The other six are placing the pads on their shoulders, when a girl comes up with a jug and a blue pot. The squire drinks first, and fills for the rest. Meanwhile the girl stands back under the hedge, away from the coffin which smells of new elm-wood. In imagination she pictures the man shut up there in close darkness, while the sunlight flows all outside, and she catches her breast with terror. She must turn and rustle among the leaves of the violets for the flowers she does not see. Then, trembling, she comes to herself, and plucks a few flowers and breathes them hungrily into her soul, for comfort. The men put down the pots beside her, with thanks, and the squire gives the word. The bearers lift up the burden again, and the elm-boughs rattle along the hollow white wood, and the pitiful red clusters of elm-flowers sweep along it as if they whispered in sympathy—"We are so sorry, so sorry——"; always the compassionate buds in their fulness of life bend down to comfort the dark man shut up there. "Perhaps," the girl thinks, "he hears them, and goes softly to sleep." She shakes the tears out of her eyes on to the ground, and, taking up her pots, goes slowly down, over the brooks.

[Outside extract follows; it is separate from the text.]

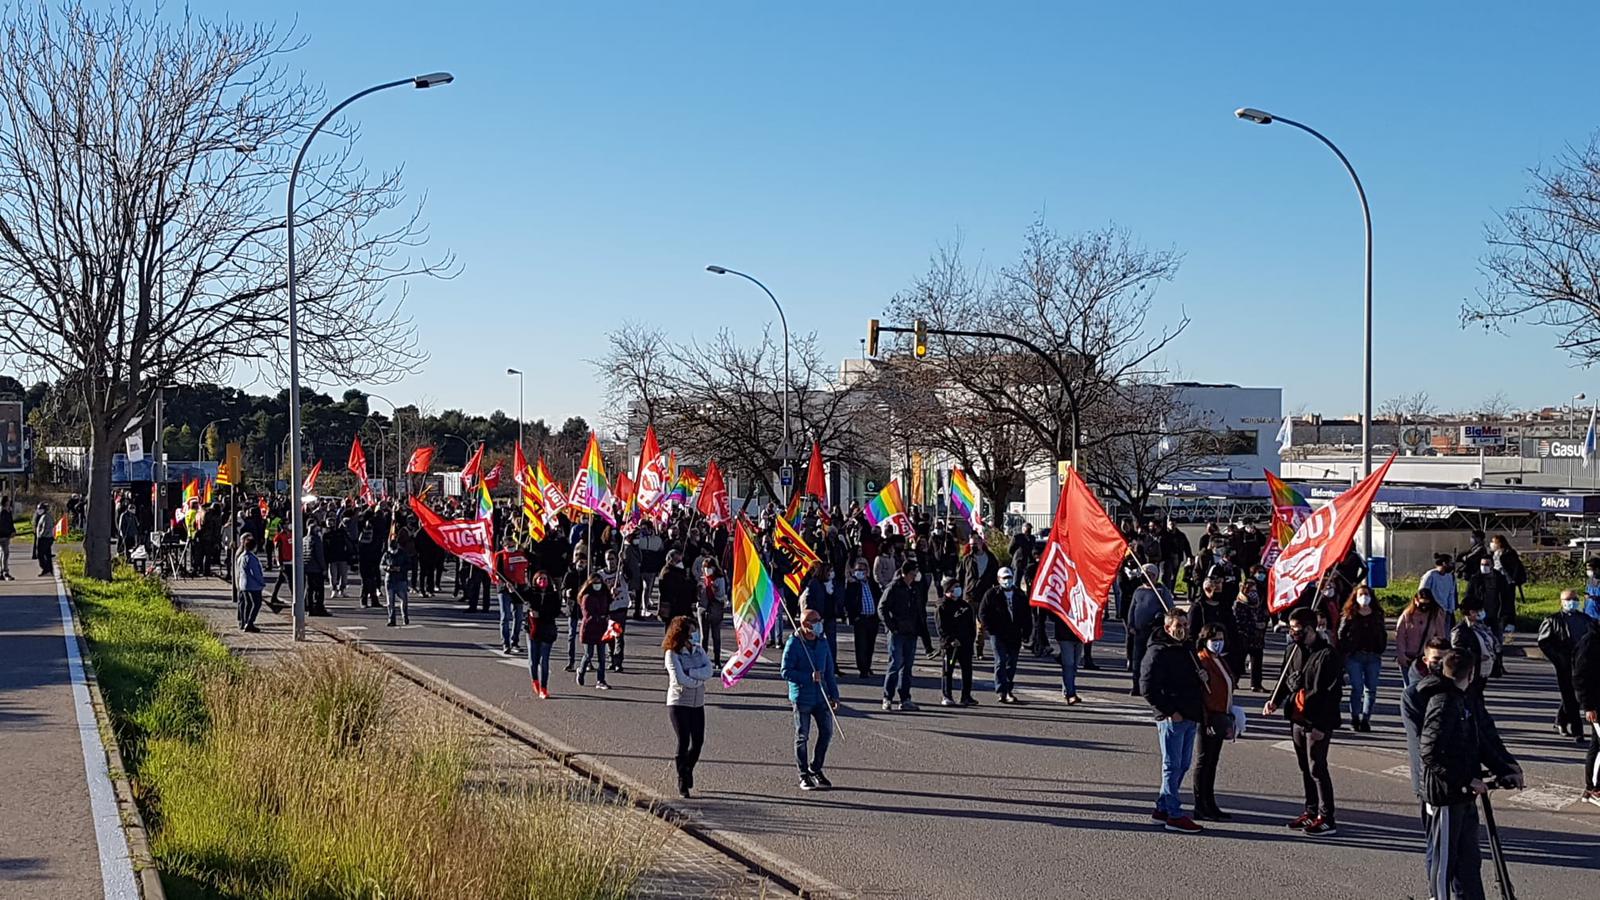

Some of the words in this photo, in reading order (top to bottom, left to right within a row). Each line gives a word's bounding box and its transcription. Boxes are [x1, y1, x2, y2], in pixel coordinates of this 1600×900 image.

[1464, 426, 1501, 436] BigMat
[1541, 497, 1570, 508] 24h/24
[448, 529, 482, 547] UGT
[1045, 557, 1069, 612] UGT

In a while, I too got up and went down to the mill, which lay red and peaceful, with the blue smoke rising as winsomely and carelessly as ever. On the other side of the valley I could see a pair of horses nod slowly across the fallow. A man's voice called to them now and again with a resonance that filled me with longing to follow my horses over the fallow, in the still, lonely valley, full of sunshine and eternal forgetfulness. The day had already forgotten. The water was blue and white and dark-burnished with shadows; two swans sailed across the reflected trees with perfect blithe grace. The gloom that had passed across was gone. I watched the swan with his ruffled wings swell onwards; I watched his slim consort go peeping into corners and under bushes; I saw him steer clear of the bushes, to keep full in view, turning his head to me imperiously, till I longed to pelt him with the empty husks of last year's flowers, knap-weed and scabius. I was too indolent, and I turned instead to the orchard.

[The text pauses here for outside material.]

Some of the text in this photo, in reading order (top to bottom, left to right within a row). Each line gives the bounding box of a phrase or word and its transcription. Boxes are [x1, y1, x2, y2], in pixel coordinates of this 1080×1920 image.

There the daffodils were lifting their heads and throwing back their yellow curls. At the foot of each sloping, grey old tree stood a family of flowers, some bursten with golden fulness, some lifting their heads slightly, to show a modest, sweet countenance, others still hiding their faces, leaning forward pensively from the jaunty grey-green spears; I wished I had their language, to talk to them distinctly.

Overhead, the trees, with lifted fingers shook out their hair to the sun, decking themselves with buds as white and cool as a water-nymphs breasts.

I began to be very glad. The colts-foot discs glowed and laughed in a merry company down the path; I stroked the velvet faces, and laughed also, and I smelled the scent of black-currant leaves, which is full of childish memories.

The house was quiet and complacent; it was peopled with ghosts again; but the ghosts had only come to enjoy the warm place once more, carrying sunshine in their arms and scattering it through the dusk of gloomy rooms.